=== Given records ===
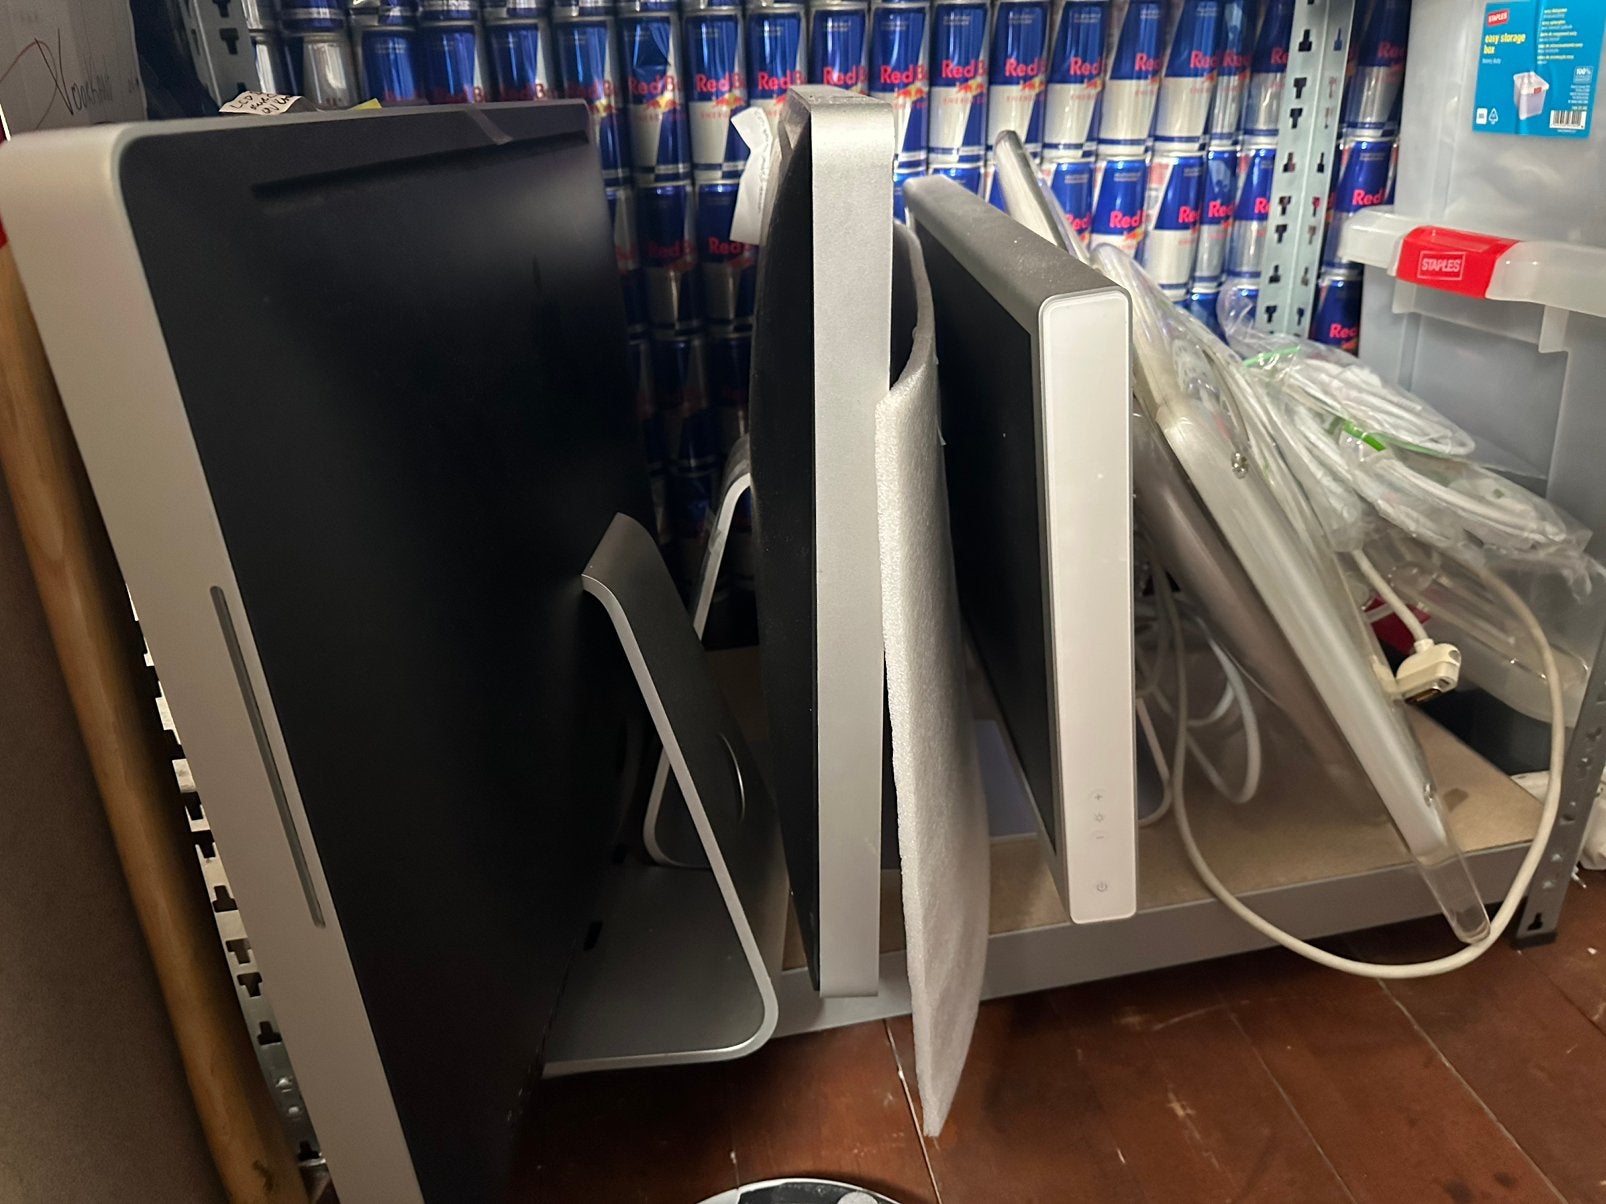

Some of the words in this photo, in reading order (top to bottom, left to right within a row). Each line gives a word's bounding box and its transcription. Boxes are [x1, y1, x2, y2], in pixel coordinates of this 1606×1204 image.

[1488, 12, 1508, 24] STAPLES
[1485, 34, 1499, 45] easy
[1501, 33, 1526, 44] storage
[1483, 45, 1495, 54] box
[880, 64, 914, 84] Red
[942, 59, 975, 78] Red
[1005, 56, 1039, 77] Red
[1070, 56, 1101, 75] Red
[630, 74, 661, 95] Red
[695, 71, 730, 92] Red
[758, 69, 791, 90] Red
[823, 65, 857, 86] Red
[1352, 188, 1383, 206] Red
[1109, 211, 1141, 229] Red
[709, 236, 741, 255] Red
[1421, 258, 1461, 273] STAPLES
===
About this exercise. Except for the pictures, write the data out exactly.

The answer.
Some of the words in this photo, in reading order (top to bottom, left to right within a row). Each line gives a word's bounding box and its transcription. Boxes are [x1, y1, x2, y2], in pixel coordinates of this 1606×1204 image.

[1488, 12, 1508, 24] STAPLES
[1485, 34, 1499, 45] easy
[1501, 33, 1526, 44] storage
[1483, 45, 1495, 54] box
[880, 64, 914, 84] Red
[942, 59, 975, 78] Red
[1005, 56, 1039, 77] Red
[1070, 56, 1101, 75] Red
[630, 74, 661, 95] Red
[695, 71, 730, 92] Red
[758, 69, 791, 90] Red
[823, 65, 857, 86] Red
[1352, 188, 1383, 206] Red
[1109, 211, 1141, 229] Red
[709, 236, 741, 255] Red
[1421, 258, 1461, 273] STAPLES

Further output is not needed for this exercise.